The Care Quality Commission has issued a new warning notice to the Midlands trust after an inspection of the hospital earlier this month sparked concerns for the welfare of patients on its medical wards.
These concerns are separate from the trust’s maternity service, which, it was revealed on Tuesday, is now facing a police investigation alongside an NHS inquiry into more than 1,200 allegations of poor maternity care dating back to the 1970s.
In October, a patient at the hospital bled to death after a device used to access his bloodstream became inexplicably disconnected while he was receiving care on the renal unit.
The Health Service Journal reported the latest concerns related to the inappropriate use of bed rails and risks of patients falling from beds after several incidents. The CQC is also concerned about the trust’s use of powers to detain elderly or vulnerable patients on wards.
The concerns also include patients being at risk of abuse and learning from past incidents not being shared with staff.
Inspectors visited the trust on the 9 June and 10 June and as a result of what they saw, issued the trust with its fifth set of conditions and its third warning notice, which can lead to regulatory action including prosecution.
The Shrewsbury and Telford Trust has been rated inadequate by the regulator and placed into special measures.
It is subject to more than 20 conditions on its licence to provide services to the public.
The trust has the right to appeal against the CQC’s warning and conditions.
Heidi Smoult, CQC’s deputy chief inspector of hospitals, said: “In the last two years we have imposed conditions on the trusts registration on five occasions and issued three warning notices.

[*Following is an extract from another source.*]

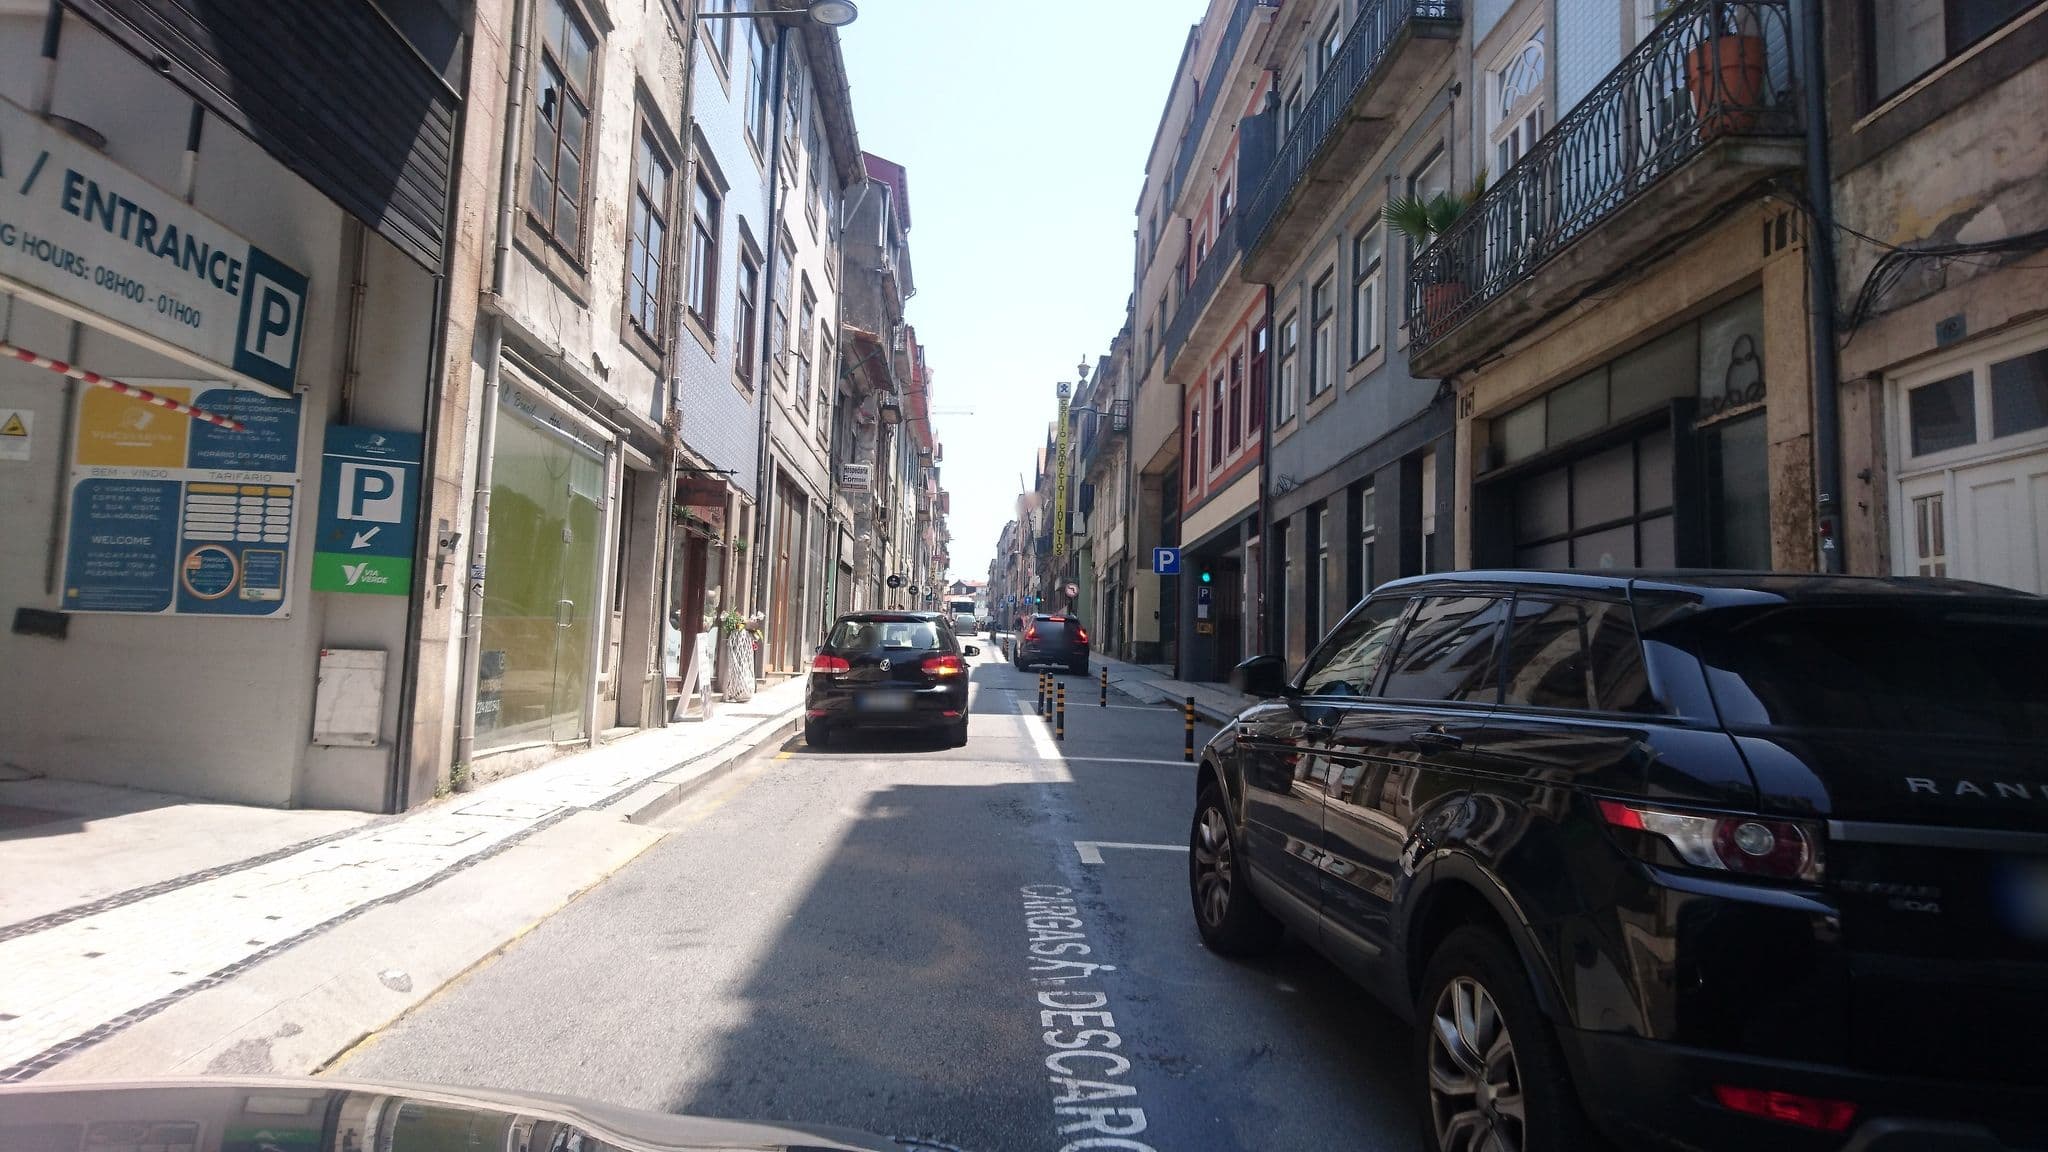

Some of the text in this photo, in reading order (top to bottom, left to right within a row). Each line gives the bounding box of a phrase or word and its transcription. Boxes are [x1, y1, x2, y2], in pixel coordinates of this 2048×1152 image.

The trust is in special measures and subject to close monitoring.
“At our most recent focused inspection in June, we identified some new and ongoing concerns around patient safety on the medical wards which led to enforcement action against the trust.
“Urgent discussions are taking place with NHS England about the way forward for this trust that will ensure the safety of patients using its services. We will report on the full findings of our inspection and action we take taken as soon as the legal process allows.”
The trust said it was recruiting a mental health specialist to work alongside ward teams, and was also revamping documentation used by nurses to ensure standardised record keeping.
It also said a new focus was being made on “fundamentals of care” including falls, skin care, use of bed rails, nutrition, and mental capacity of patients.
The trust also said it would be expanding its patient safety team and looking to embed a human factors approach to safer healthcare by understanding how people behave and make errors in their work.
Maggie Bayley, interim chief nurse at The Shrewsbury and Telford Hospital NHS Trust, said: “We take the feedback from the CQC extremely seriously and we are acting urgently to improve all aspects of the care highlighted by them.
“We have made some improvements in recent months, but it is clear that more has to be done to implement sustained change and to ensure we speed up our rate of improvement. We are committed to doing this.”
Maggie added: “We are focused on ensuring that our patients receive kind, compassionate and safe care.
“We’ve listened to what the CQC has said and getting things right for our patients is our top priority.”